═════ Dataset extract

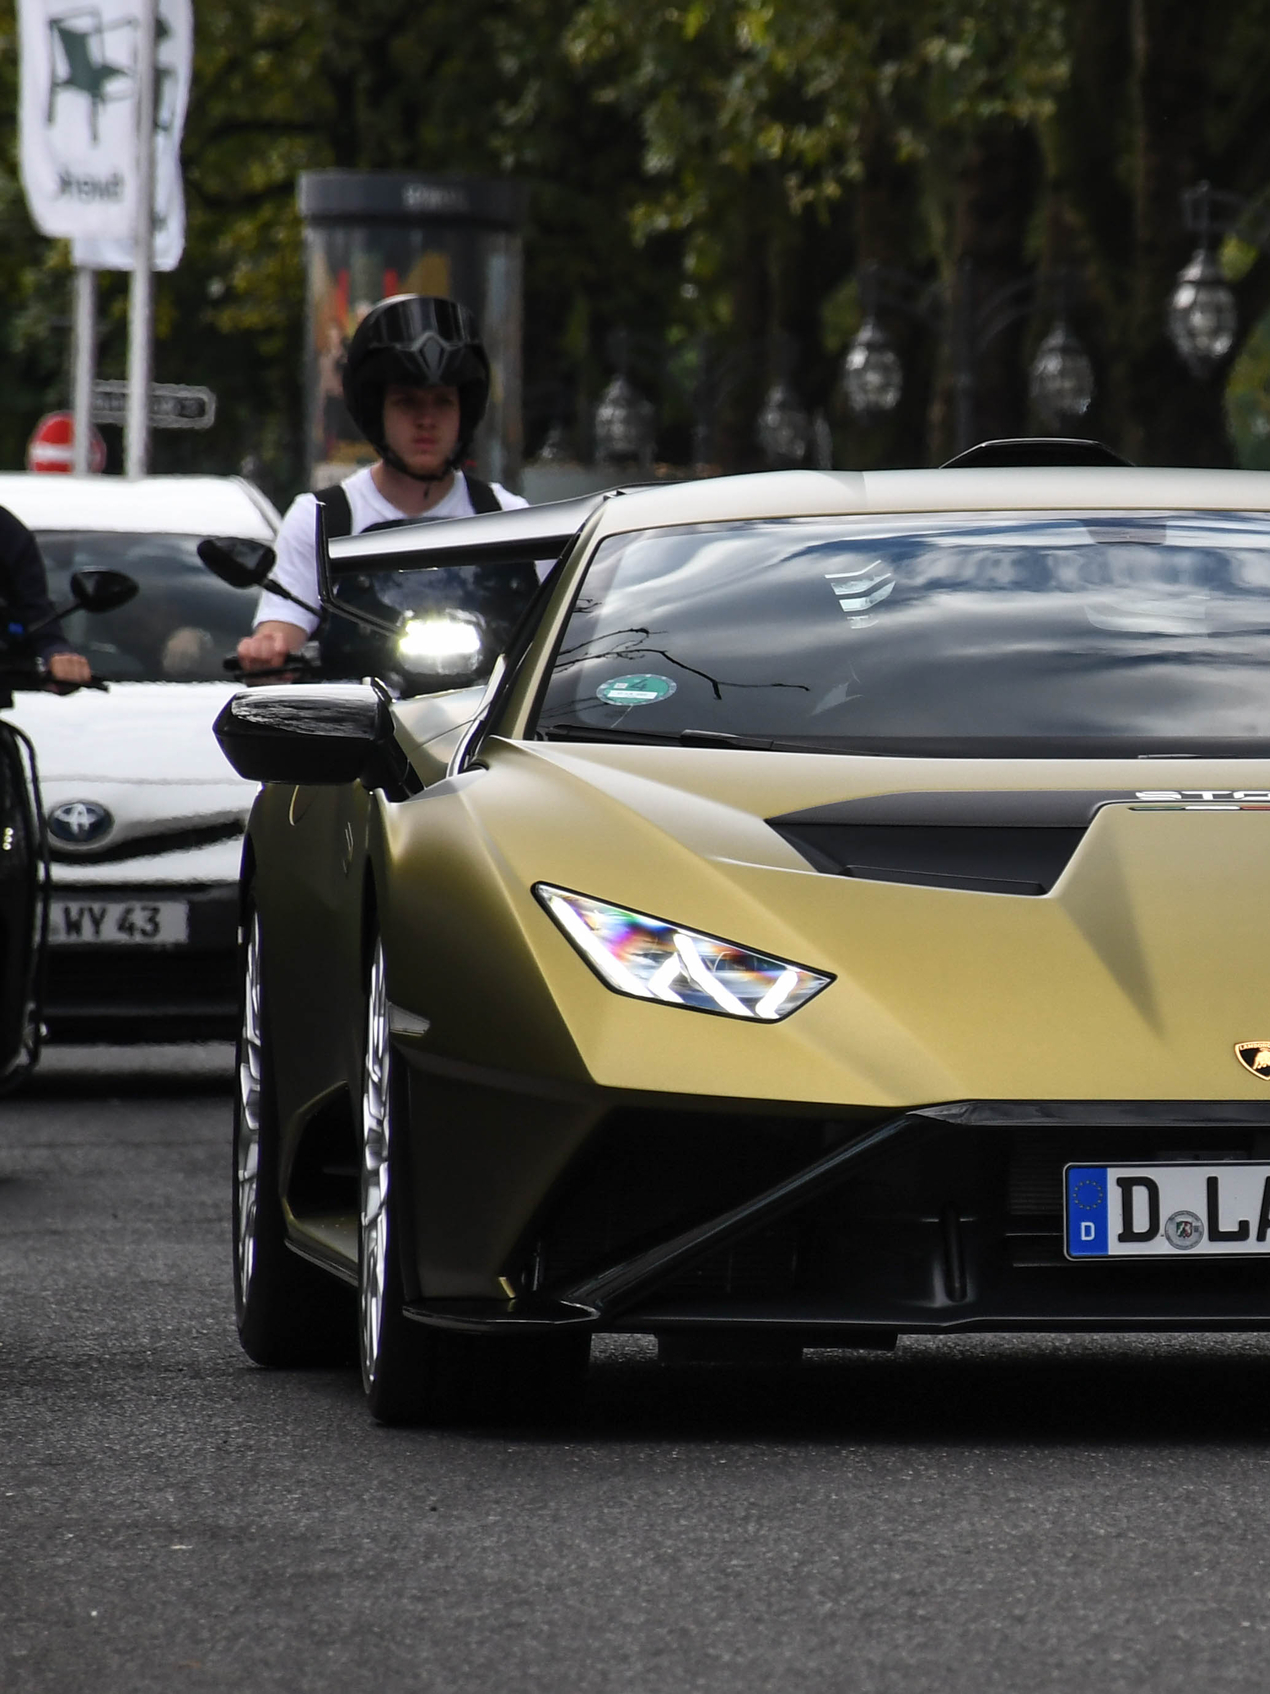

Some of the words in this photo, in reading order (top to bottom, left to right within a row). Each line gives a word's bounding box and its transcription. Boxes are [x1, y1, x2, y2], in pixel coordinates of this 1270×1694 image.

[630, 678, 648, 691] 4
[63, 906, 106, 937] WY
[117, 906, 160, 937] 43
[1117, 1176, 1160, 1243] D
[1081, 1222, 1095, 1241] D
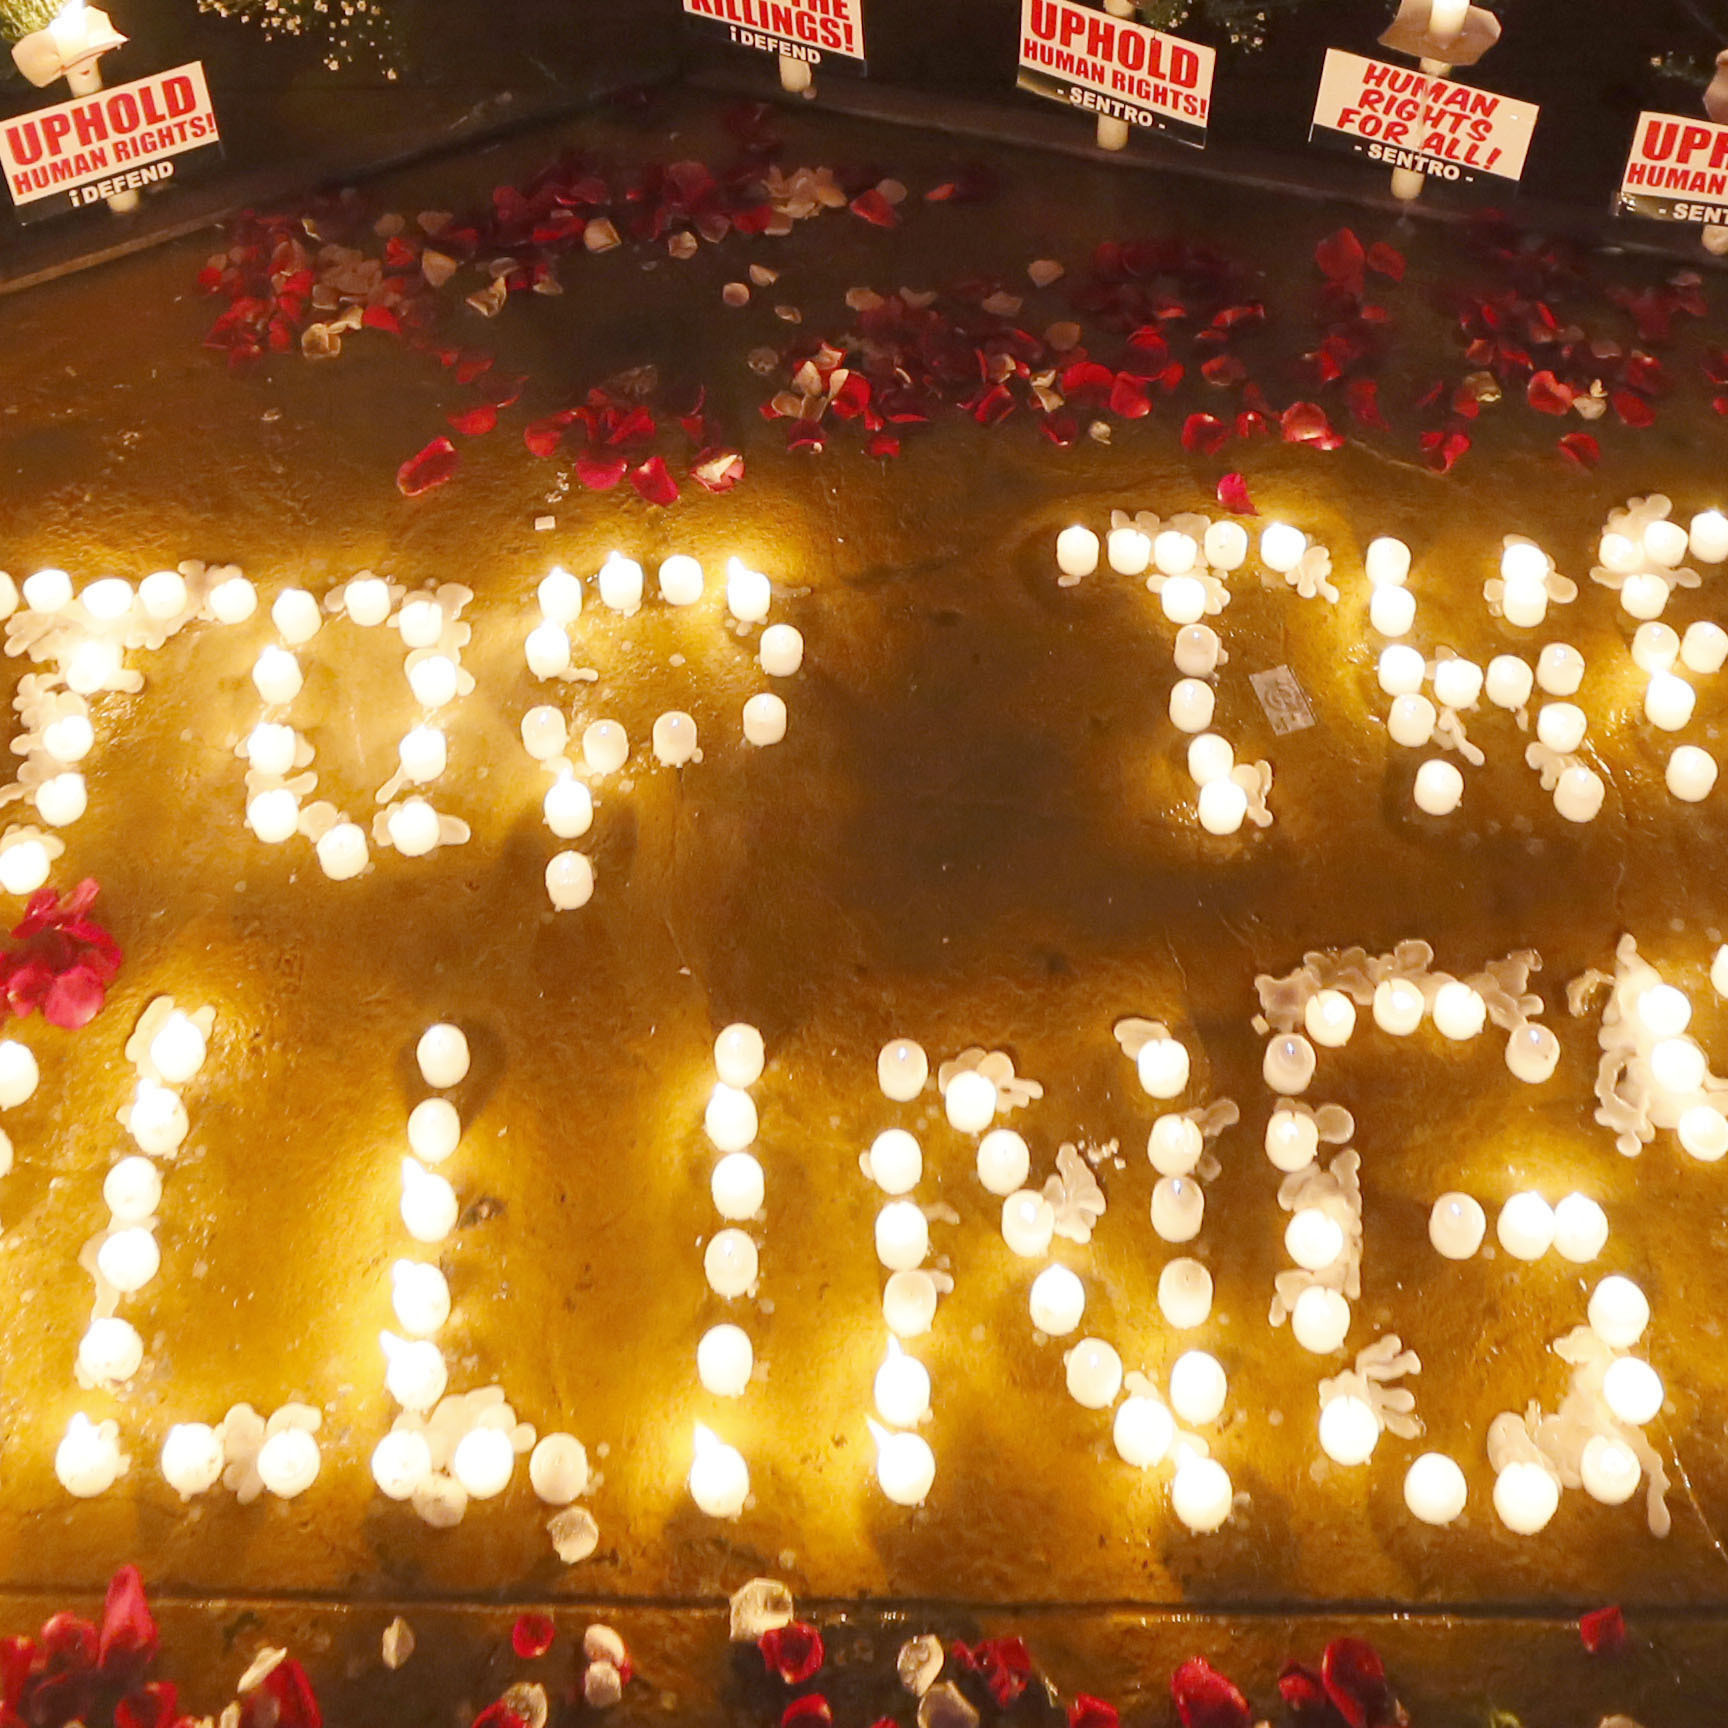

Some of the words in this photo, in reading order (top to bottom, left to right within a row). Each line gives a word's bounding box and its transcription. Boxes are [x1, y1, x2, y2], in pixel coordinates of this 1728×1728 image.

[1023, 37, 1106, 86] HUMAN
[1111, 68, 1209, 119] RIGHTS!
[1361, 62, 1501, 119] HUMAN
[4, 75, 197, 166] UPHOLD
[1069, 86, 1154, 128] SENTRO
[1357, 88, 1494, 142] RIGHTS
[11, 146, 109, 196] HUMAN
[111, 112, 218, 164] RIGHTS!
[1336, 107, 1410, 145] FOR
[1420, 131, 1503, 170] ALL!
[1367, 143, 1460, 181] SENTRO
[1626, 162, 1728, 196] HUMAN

══════════

- _Required work_
Write the records out once more, exactly as they appear, with no pictures.

- _Reply_
Some of the words in this photo, in reading order (top to bottom, left to right within a row). Each line gives a word's bounding box and its transcription. Boxes are [x1, y1, x2, y2], in pixel coordinates of this 1270×1694 image.

[630, 678, 648, 691] 4
[63, 906, 106, 937] WY
[117, 906, 160, 937] 43
[1117, 1176, 1160, 1243] D
[1081, 1222, 1095, 1241] D

Some of the words in this photo, in reading order (top to bottom, left to right within a row). Each line gives a word's bounding box and its transcription. Boxes are [x1, y1, x2, y2], in pixel coordinates of this 1728×1728 image.

[1023, 37, 1106, 86] HUMAN
[1111, 68, 1209, 119] RIGHTS!
[1361, 62, 1501, 119] HUMAN
[4, 75, 197, 166] UPHOLD
[1069, 86, 1154, 128] SENTRO
[1357, 88, 1494, 142] RIGHTS
[11, 146, 109, 196] HUMAN
[111, 112, 218, 164] RIGHTS!
[1336, 107, 1410, 145] FOR
[1420, 131, 1503, 170] ALL!
[1367, 143, 1460, 181] SENTRO
[1626, 162, 1728, 196] HUMAN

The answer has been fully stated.